- [Required work]:
Please give the listing again, word for word, with nothing left out.

- [Listed entries]:
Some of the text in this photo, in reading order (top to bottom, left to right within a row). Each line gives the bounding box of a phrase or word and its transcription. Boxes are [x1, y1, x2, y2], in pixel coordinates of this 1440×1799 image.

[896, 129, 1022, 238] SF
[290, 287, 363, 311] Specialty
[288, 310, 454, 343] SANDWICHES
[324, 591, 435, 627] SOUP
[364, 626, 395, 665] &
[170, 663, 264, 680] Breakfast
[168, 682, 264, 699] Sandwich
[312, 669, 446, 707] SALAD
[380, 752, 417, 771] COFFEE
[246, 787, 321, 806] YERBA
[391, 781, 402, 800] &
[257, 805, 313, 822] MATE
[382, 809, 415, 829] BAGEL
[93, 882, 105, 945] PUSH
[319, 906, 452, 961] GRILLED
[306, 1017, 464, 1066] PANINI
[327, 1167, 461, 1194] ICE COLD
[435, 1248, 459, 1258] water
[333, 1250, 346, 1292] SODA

- [Reply to the exercise]:
Some of the text in this photo, in reading order (top to bottom, left to right within a row). Each line gives the bounding box of a phrase or word and its transcription. Boxes are [x1, y1, x2, y2], in pixel coordinates of this 1440×1799 image.

[896, 129, 1022, 238] SF
[290, 287, 363, 311] Specialty
[288, 310, 454, 343] SANDWICHES
[324, 591, 435, 627] SOUP
[364, 626, 395, 665] &
[170, 663, 264, 680] Breakfast
[168, 682, 264, 699] Sandwich
[312, 669, 446, 707] SALAD
[380, 752, 417, 771] COFFEE
[246, 787, 321, 806] YERBA
[391, 781, 402, 800] &
[257, 805, 313, 822] MATE
[382, 809, 415, 829] BAGEL
[93, 882, 105, 945] PUSH
[319, 906, 452, 961] GRILLED
[306, 1017, 464, 1066] PANINI
[327, 1167, 461, 1194] ICE COLD
[435, 1248, 459, 1258] water
[333, 1250, 346, 1292] SODA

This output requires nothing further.